Subterranean wells such as those used for the production of oil and gas commonly use tubular products called "casing" to line the interior walls of the well. The casing in most wells is formed of metallic materials and, most commonly, steel. The casing is in contact directly or indirectly with the surrounding earth. As a consequence, the casing is subjected to the possibility of the passage of electrical currents away from it and, therefore, corrosion.
It is possible to protect the well casing by imposing an artificial current of equal or greater magnitude and in the opposite direction to the natural current leaving the casing. To do so properly and economically, it is necessary to accurately determine the magnitude of the current picked up by the well casing. This can be accomplished by measuring the voltage (IR drop) at various locations in the well and dividing this value by the resistance of the casing at that location. Estimates of the resistance of the casing can be obtained from the casing manufacturer. However, gross inaccuracies can arise from use of these data. Errors can arise because manufacturing variations in the casing wall thickness can range up to .+-.12%. Further errors can arise because the casing has become corroded, or because of material variations within the casing.

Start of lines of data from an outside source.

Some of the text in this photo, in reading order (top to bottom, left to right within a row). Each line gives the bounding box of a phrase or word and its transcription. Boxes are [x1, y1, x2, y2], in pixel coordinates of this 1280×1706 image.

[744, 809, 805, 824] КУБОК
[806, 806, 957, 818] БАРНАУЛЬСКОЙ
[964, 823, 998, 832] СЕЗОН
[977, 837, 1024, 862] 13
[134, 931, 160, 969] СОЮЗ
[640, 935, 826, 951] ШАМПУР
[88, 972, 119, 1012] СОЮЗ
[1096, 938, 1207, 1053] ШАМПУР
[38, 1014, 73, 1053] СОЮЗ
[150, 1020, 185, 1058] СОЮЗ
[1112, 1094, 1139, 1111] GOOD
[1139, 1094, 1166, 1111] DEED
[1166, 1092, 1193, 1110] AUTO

Various devices have been described which are intended to measure casing resistance. For example, U.S. Pat. No. 4,431,963 (Walkow, which is incorporated herein by reference for all purposes) describes such a device. Four contacts (C1, C2, C3, and C4) are raised and lowered in a wellbore. The natural casing potential between the innermost contacts (C2 and C3) is determined at various locations in the wellbore. A known current is then passed between the outer contacts (C1 and C4) while the potential drop between the innermost contacts (C2 and C3) is measured. From these values, the casing resistance at any point in the casing, the natural current flow from the casing and, ultimately, the metal loss rate in the casing can be determined. Variations in this method are also described using AC, and pulsed current flows.

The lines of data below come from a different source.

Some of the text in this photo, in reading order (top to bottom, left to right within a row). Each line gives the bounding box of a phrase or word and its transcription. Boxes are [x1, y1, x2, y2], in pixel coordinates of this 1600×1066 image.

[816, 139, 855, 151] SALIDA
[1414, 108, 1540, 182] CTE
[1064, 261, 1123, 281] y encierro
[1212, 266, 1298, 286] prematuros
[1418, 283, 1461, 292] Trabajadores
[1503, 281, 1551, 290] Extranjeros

There are several inherent disadvantages of the above system (and those of a similar nature). Initially, it has been found by the present inventors that the rollers used as contacts (C1, C2, C3, and C4) in Walkow can become fouled with paraffin, pipe dope, corrosion materials, and the like. Therefore, inadequate contact between the tool and the casing wall is made. This can result in inaccurate casing resistance values. Further, it has been found that the low current imposed on the casing (for the purpose of determining resistance) can result in significant errors because the "noise" in the measured values is almost as large as the values themselves. The device described by Walkow cannot impose large currents on the casing because it is limited by the capabilities of a typical logging cable to transmit such current from the surface. Further errors can arise due to inadequacies in the method and apparatus used to transmit data to the surface.
It is desirable, therefore, to devise a tool which maintains acceptable contact with the well casing and which can impose significant current on the casing for the purpose of determining casing resistance. It is further desirable to devise a method and apparatus which can transmit data to the surface without data loss or distortion.